— TASK OBJECTIVE —
Restate the listing below word for word. No picture belongs in the result.

— GIVEN DATA —

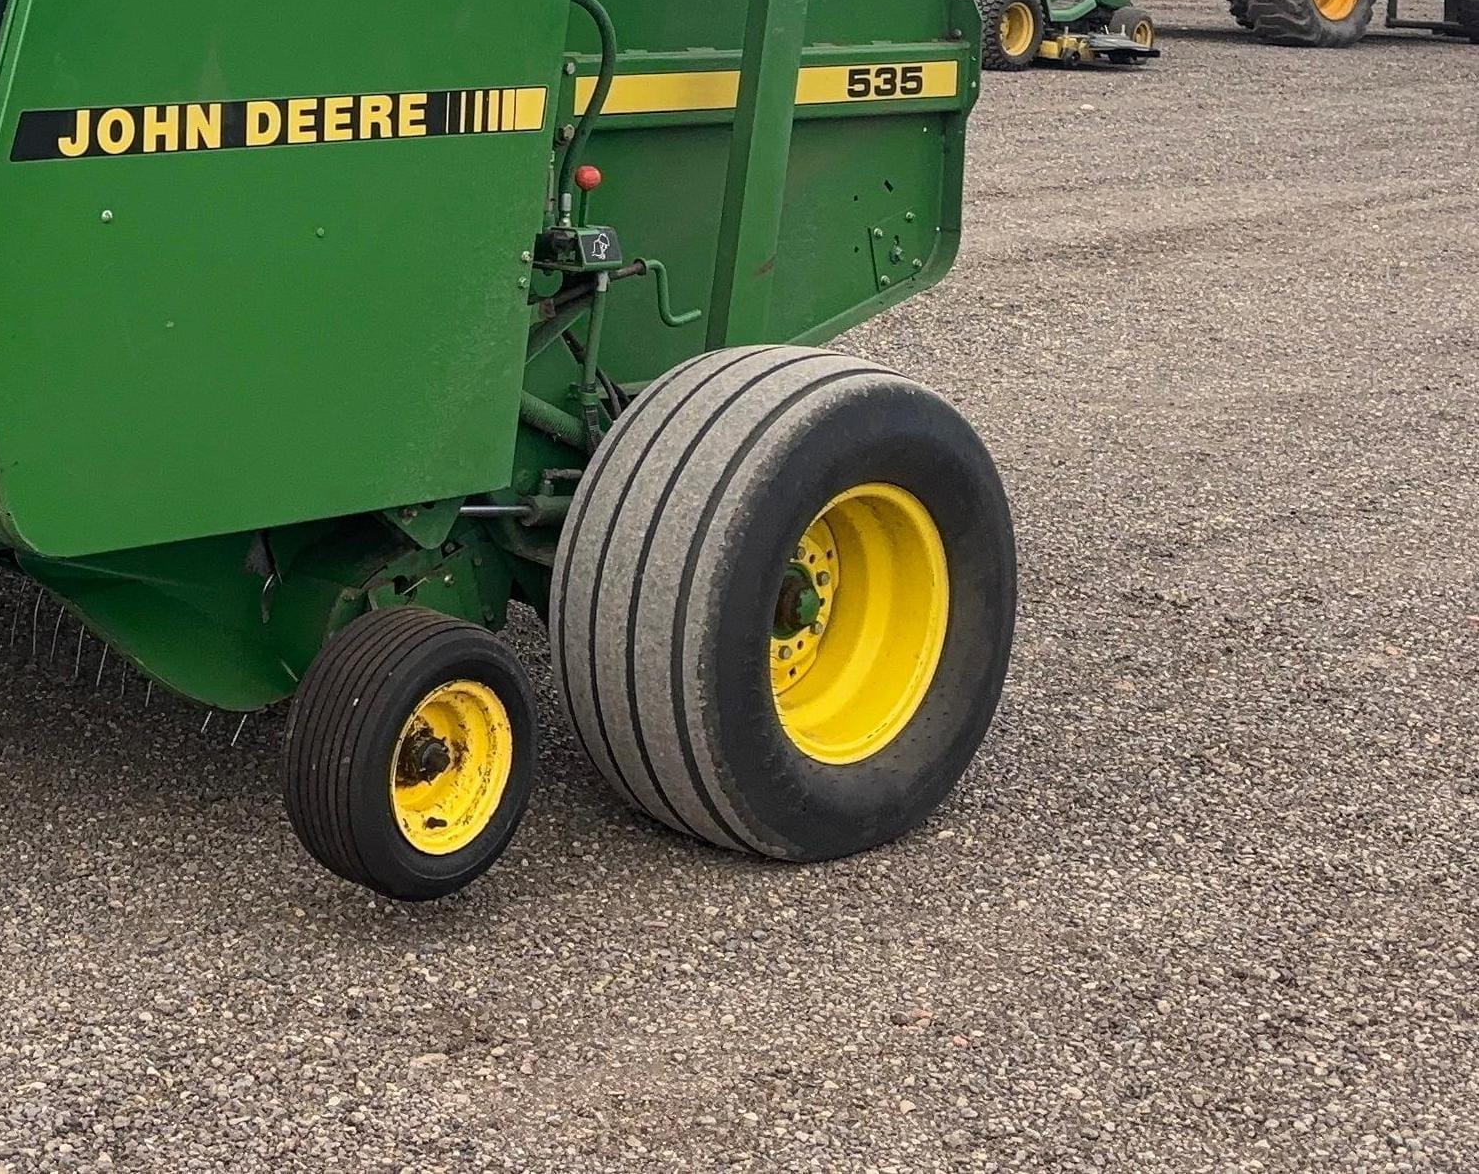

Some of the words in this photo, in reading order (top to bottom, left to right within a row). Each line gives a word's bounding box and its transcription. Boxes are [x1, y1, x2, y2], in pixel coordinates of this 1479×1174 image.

[847, 66, 923, 98] 535
[57, 103, 222, 157] JOHN
[245, 93, 428, 147] DEERE
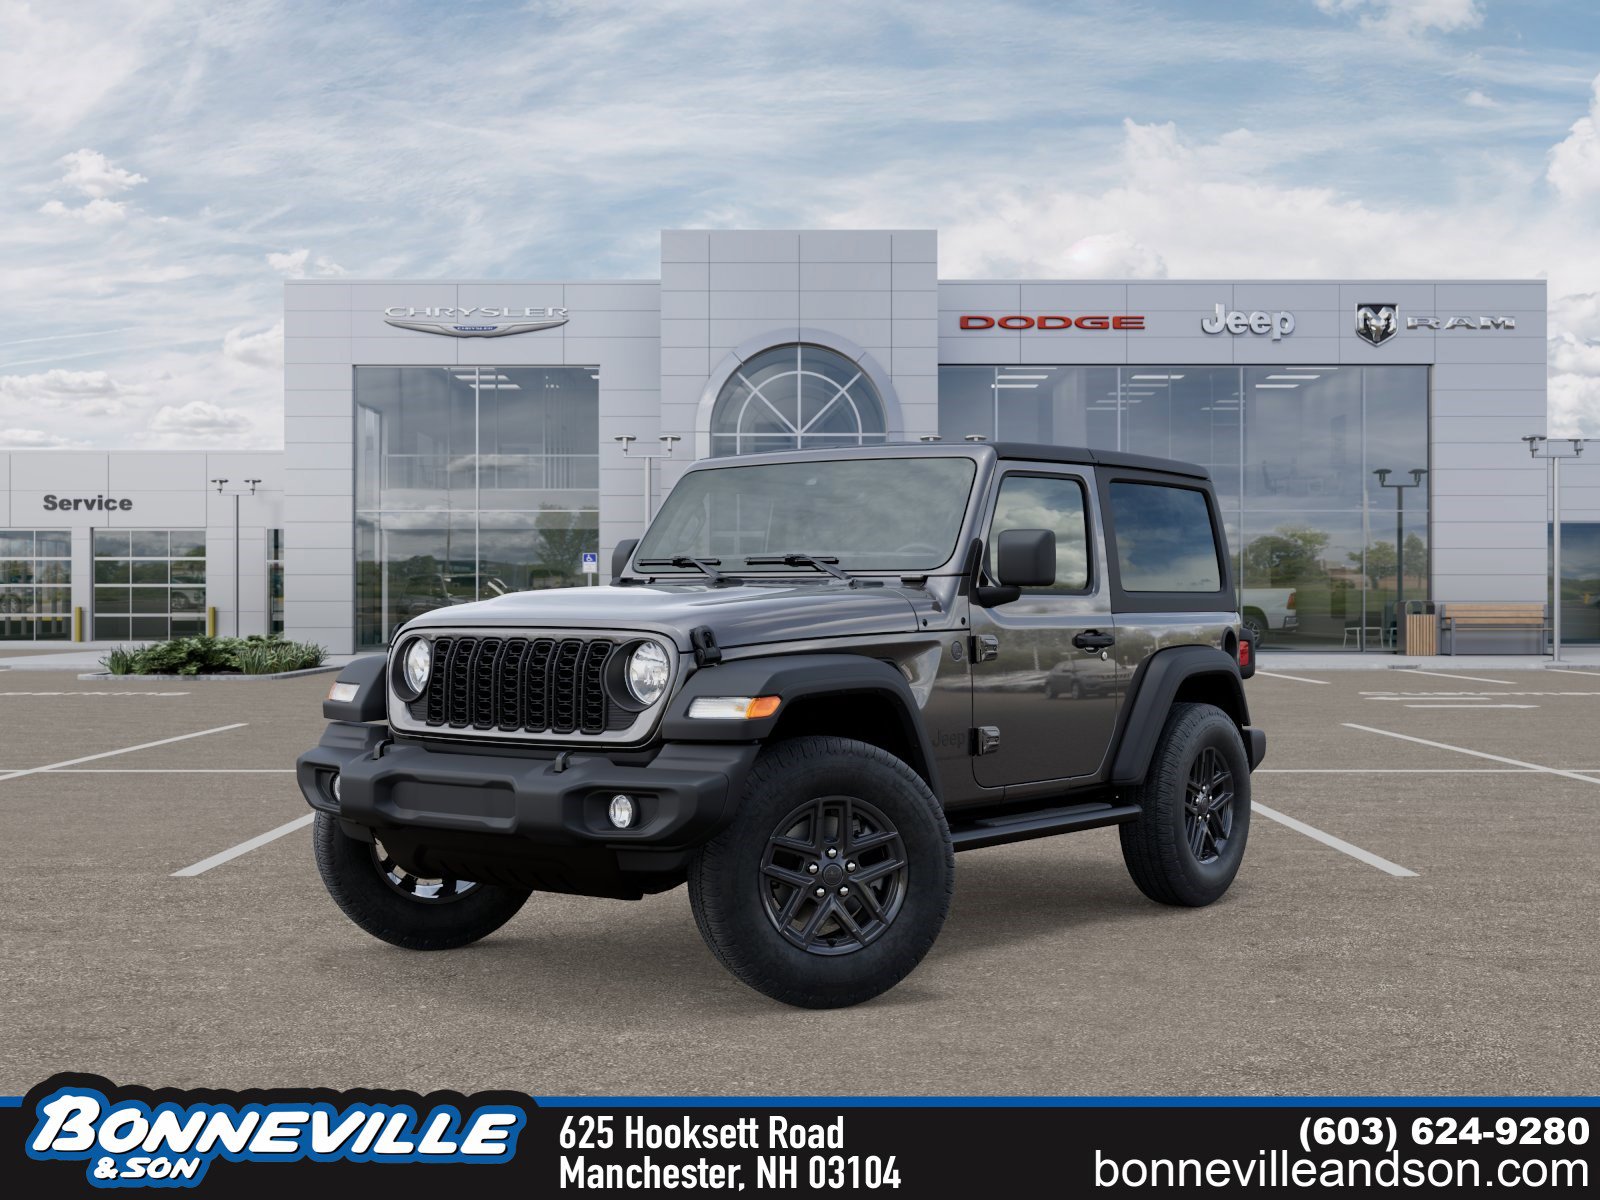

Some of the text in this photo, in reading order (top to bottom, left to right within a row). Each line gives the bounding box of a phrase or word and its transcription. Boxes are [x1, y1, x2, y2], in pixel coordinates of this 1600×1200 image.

[384, 306, 569, 317] CHRYSLER
[959, 315, 1145, 330] DODGE
[1201, 303, 1295, 341] Jeep
[1406, 316, 1516, 330] RAM
[43, 494, 133, 512] Service
[932, 728, 966, 748] Jeep
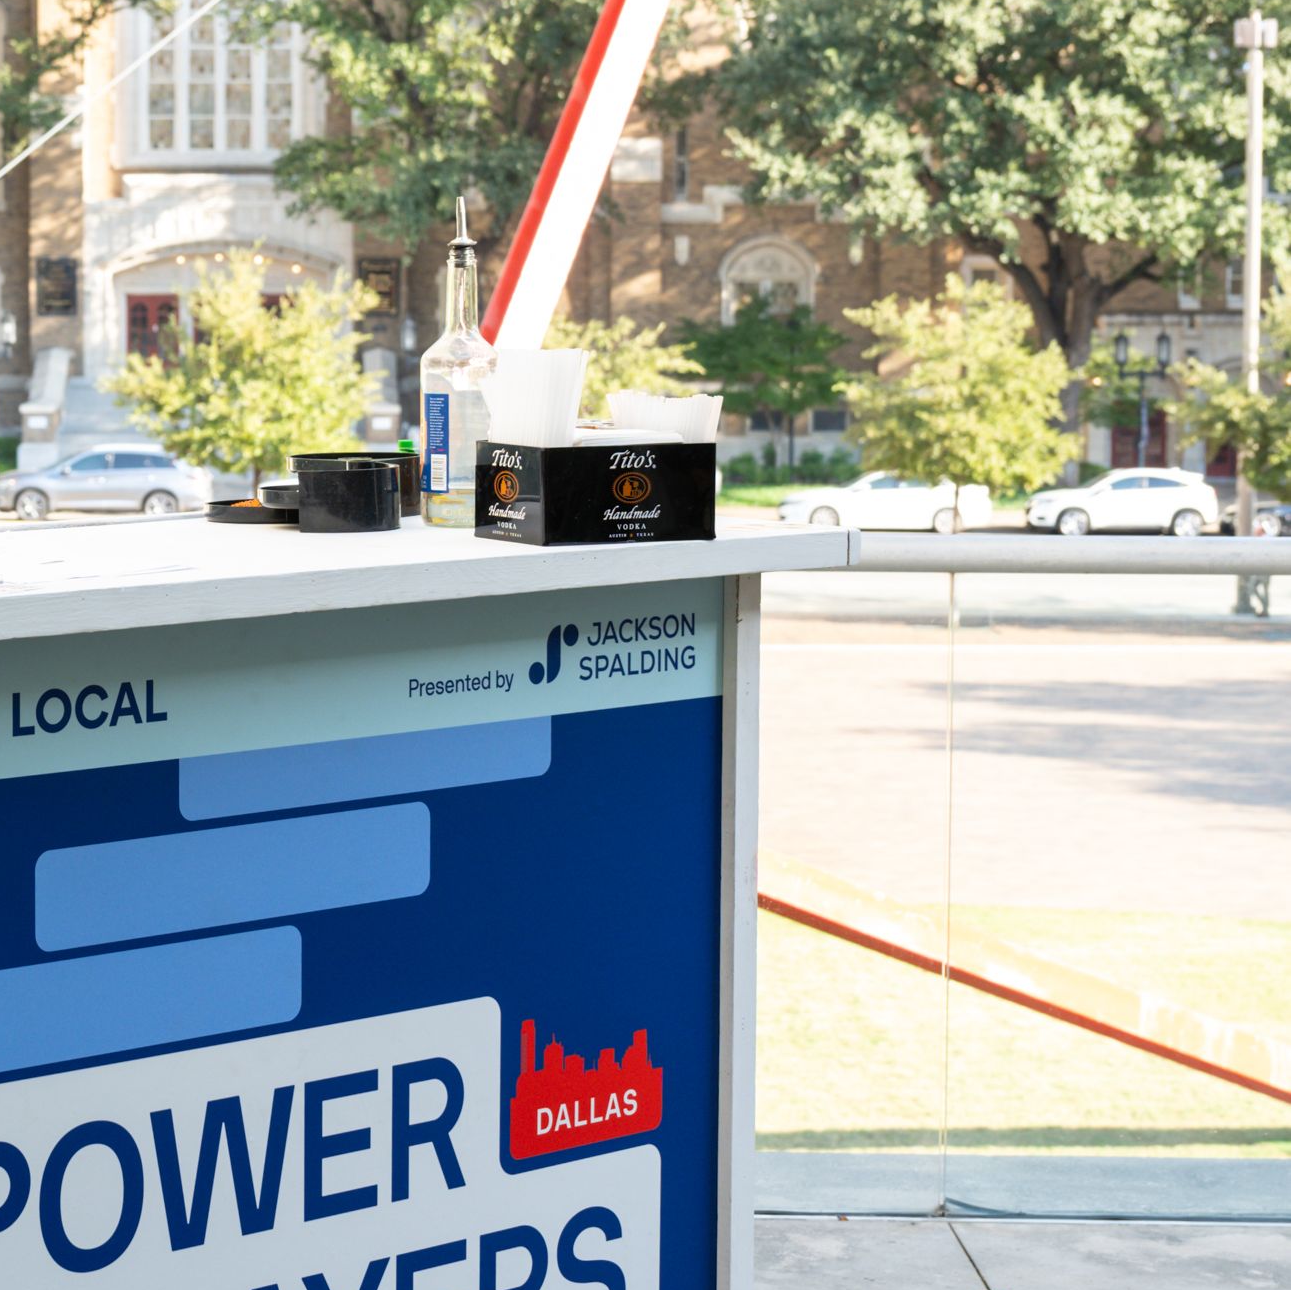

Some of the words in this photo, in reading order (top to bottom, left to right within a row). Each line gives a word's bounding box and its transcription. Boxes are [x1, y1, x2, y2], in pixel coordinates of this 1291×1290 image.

[488, 502, 526, 520] Handmade
[496, 521, 517, 530] VODKA
[603, 504, 661, 521] Handmade
[587, 613, 696, 647] JACKSON
[579, 646, 696, 681] SPALDING
[408, 670, 491, 698] Presented
[494, 669, 514, 694] by
[11, 679, 168, 737] LOCAL
[535, 1088, 638, 1137] DALLAS
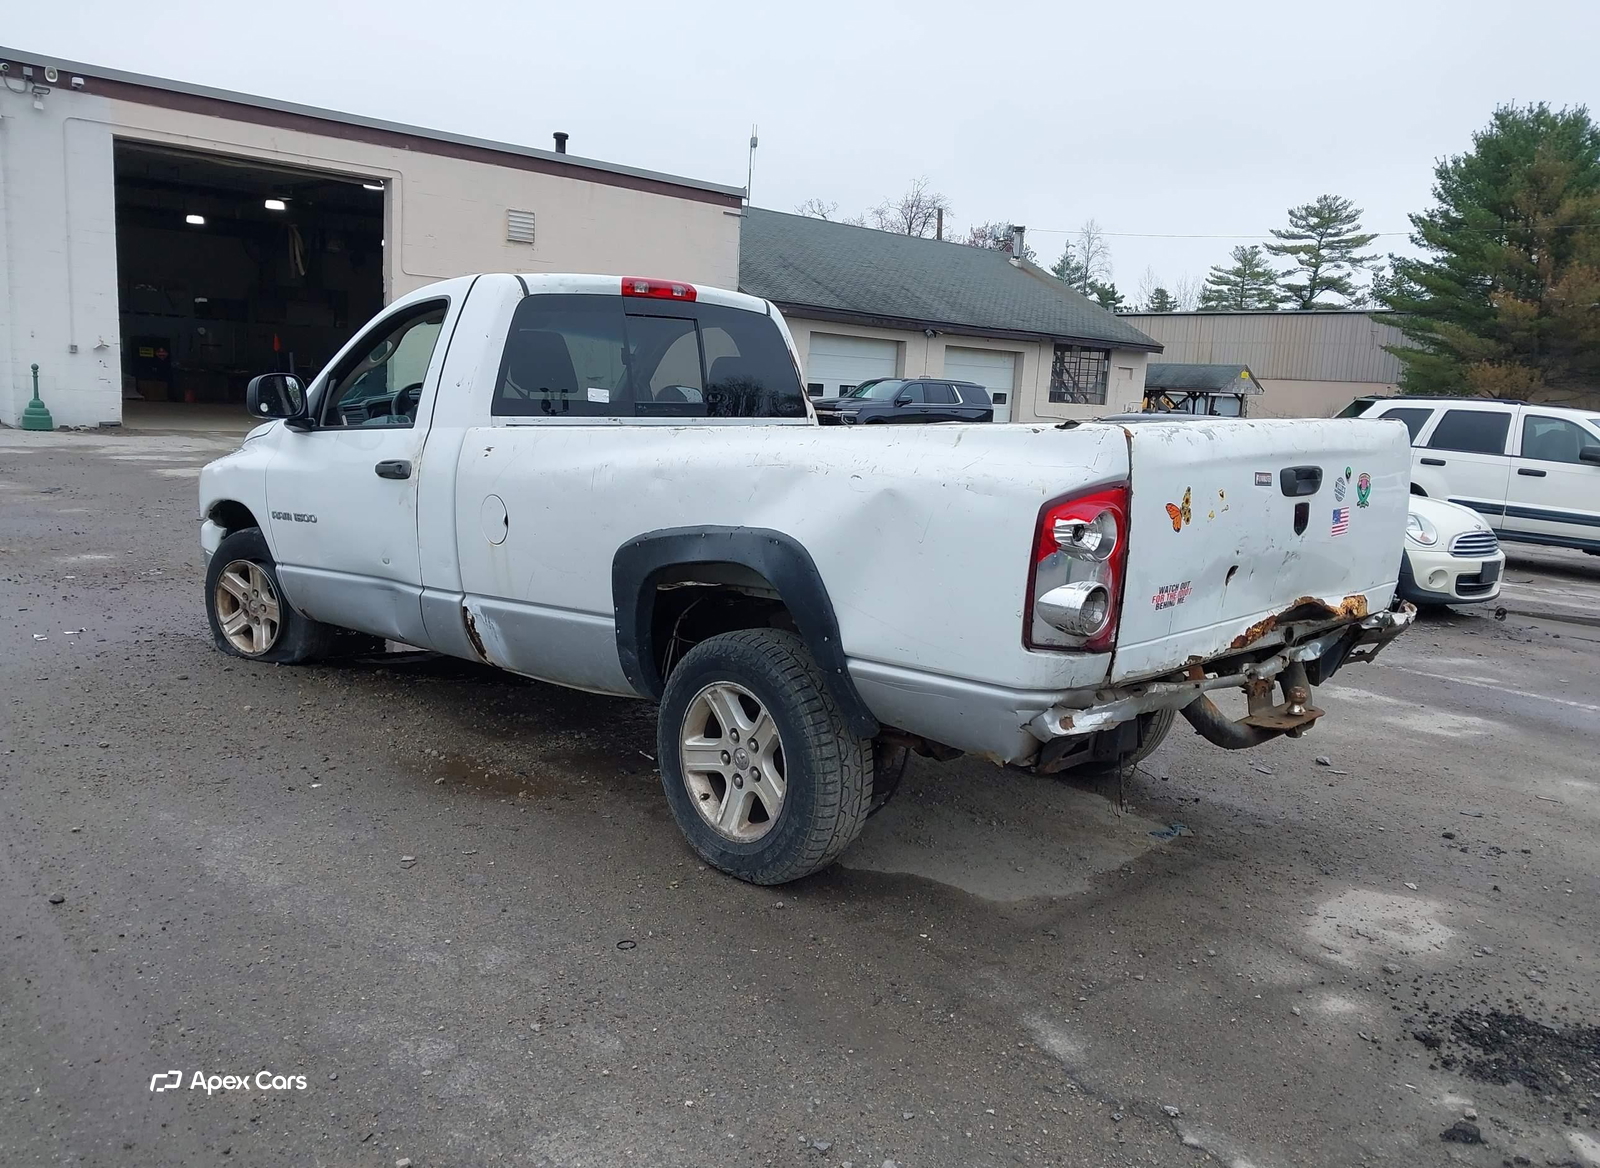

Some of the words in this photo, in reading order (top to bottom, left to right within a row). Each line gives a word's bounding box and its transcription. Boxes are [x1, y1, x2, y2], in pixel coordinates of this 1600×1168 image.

[271, 511, 292, 521] RAM
[293, 513, 318, 523] 1500
[1158, 584, 1179, 595] WATCH
[1180, 580, 1191, 590] OUT
[1151, 594, 1165, 604] FOR
[1166, 591, 1177, 602] THE
[1155, 600, 1176, 611] BEHIND
[1177, 597, 1185, 605] ME

— SOLUTION TO THIS EXERCISE —
Some of the words in this photo, in reading order (top to bottom, left to right within a row). Each line gives a word's bounding box and its transcription. Boxes are [x1, y1, x2, y2], in pixel coordinates of this 1479×1174 image.

[847, 66, 923, 98] 535
[57, 103, 222, 157] JOHN
[245, 93, 428, 147] DEERE

Some of the text in this photo, in reading order (top to bottom, left to right within a row). Each line gives the bounding box of a phrase or word and its transcription. Boxes are [x1, y1, x2, y2], in pixel coordinates of this 1600×1200 image.

[384, 306, 569, 317] CHRYSLER
[959, 315, 1145, 330] DODGE
[1201, 303, 1295, 341] Jeep
[1406, 316, 1516, 330] RAM
[43, 494, 133, 512] Service
[932, 728, 966, 748] Jeep

Some of the words in this photo, in reading order (top to bottom, left to right within a row). Each line gives a word's bounding box and its transcription. Boxes are [x1, y1, x2, y2], in pixel coordinates of this 1291×1290 image.

[488, 502, 526, 520] Handmade
[496, 521, 517, 530] VODKA
[603, 504, 661, 521] Handmade
[587, 613, 696, 647] JACKSON
[579, 646, 696, 681] SPALDING
[408, 670, 491, 698] Presented
[494, 669, 514, 694] by
[11, 679, 168, 737] LOCAL
[535, 1088, 638, 1137] DALLAS

Some of the words in this photo, in reading order (top to bottom, left to right within a row). Each line gives a word's bounding box and its transcription. Boxes are [x1, y1, x2, y2], in pixel coordinates of this 1600×1168 image.

[271, 511, 292, 521] RAM
[293, 513, 318, 523] 1500
[1158, 584, 1179, 595] WATCH
[1180, 580, 1191, 590] OUT
[1151, 594, 1165, 604] FOR
[1166, 591, 1177, 602] THE
[1155, 600, 1176, 611] BEHIND
[1177, 597, 1185, 605] ME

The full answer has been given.